> [WHAT TO PRODUCE]: Could you return the entire listing below exactly as written?

> [SUPPLIED ENTRIES]:
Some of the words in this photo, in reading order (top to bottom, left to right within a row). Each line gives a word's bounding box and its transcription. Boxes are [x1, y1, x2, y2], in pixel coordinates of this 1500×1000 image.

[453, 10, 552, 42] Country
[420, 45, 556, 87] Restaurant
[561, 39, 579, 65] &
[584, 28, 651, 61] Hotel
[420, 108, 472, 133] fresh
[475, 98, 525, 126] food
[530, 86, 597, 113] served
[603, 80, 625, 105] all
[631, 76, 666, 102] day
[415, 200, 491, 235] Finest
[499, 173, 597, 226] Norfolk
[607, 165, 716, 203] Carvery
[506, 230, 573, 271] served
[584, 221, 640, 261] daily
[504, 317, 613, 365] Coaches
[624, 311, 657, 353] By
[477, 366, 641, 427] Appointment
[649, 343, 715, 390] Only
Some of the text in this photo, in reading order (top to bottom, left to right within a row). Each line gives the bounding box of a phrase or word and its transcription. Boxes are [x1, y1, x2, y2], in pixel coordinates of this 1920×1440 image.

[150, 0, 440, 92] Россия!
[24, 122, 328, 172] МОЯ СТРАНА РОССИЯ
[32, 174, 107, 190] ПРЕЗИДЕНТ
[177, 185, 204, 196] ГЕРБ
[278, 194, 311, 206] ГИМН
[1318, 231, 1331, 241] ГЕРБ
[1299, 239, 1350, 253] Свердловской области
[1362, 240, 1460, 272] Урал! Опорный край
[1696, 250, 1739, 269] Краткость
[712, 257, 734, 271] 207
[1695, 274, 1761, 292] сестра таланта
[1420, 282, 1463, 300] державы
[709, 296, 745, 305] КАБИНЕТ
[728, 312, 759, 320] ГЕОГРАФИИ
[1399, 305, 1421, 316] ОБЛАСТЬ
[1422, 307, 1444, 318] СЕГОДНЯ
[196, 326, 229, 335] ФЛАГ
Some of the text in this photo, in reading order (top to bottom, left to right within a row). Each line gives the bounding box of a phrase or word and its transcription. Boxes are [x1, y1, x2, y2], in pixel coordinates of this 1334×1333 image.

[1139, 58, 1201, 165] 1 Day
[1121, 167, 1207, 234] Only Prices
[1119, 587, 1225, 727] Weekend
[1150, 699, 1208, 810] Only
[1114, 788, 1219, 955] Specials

> [RESULT OF THIS TASK]:
Some of the words in this photo, in reading order (top to bottom, left to right within a row). Each line gives a word's bounding box and its transcription. Boxes are [x1, y1, x2, y2], in pixel coordinates of this 1500×1000 image.

[453, 10, 552, 42] Country
[420, 45, 556, 87] Restaurant
[561, 39, 579, 65] &
[584, 28, 651, 61] Hotel
[420, 108, 472, 133] fresh
[475, 98, 525, 126] food
[530, 86, 597, 113] served
[603, 80, 625, 105] all
[631, 76, 666, 102] day
[415, 200, 491, 235] Finest
[499, 173, 597, 226] Norfolk
[607, 165, 716, 203] Carvery
[506, 230, 573, 271] served
[584, 221, 640, 261] daily
[504, 317, 613, 365] Coaches
[624, 311, 657, 353] By
[477, 366, 641, 427] Appointment
[649, 343, 715, 390] Only
Some of the text in this photo, in reading order (top to bottom, left to right within a row). Each line gives the bounding box of a phrase or word and its transcription. Boxes are [x1, y1, x2, y2], in pixel coordinates of this 1920×1440 image.

[150, 0, 440, 92] Россия!
[24, 122, 328, 172] МОЯ СТРАНА РОССИЯ
[32, 174, 107, 190] ПРЕЗИДЕНТ
[177, 185, 204, 196] ГЕРБ
[278, 194, 311, 206] ГИМН
[1318, 231, 1331, 241] ГЕРБ
[1299, 239, 1350, 253] Свердловской области
[1362, 240, 1460, 272] Урал! Опорный край
[1696, 250, 1739, 269] Краткость
[712, 257, 734, 271] 207
[1695, 274, 1761, 292] сестра таланта
[1420, 282, 1463, 300] державы
[709, 296, 745, 305] КАБИНЕТ
[728, 312, 759, 320] ГЕОГРАФИИ
[1399, 305, 1421, 316] ОБЛАСТЬ
[1422, 307, 1444, 318] СЕГОДНЯ
[196, 326, 229, 335] ФЛАГ
Some of the text in this photo, in reading order (top to bottom, left to right within a row). Each line gives the bounding box of a phrase or word and its transcription. Boxes are [x1, y1, x2, y2], in pixel coordinates of this 1334×1333 image.

[1139, 58, 1201, 165] 1 Day
[1121, 167, 1207, 234] Only Prices
[1119, 587, 1225, 727] Weekend
[1150, 699, 1208, 810] Only
[1114, 788, 1219, 955] Specials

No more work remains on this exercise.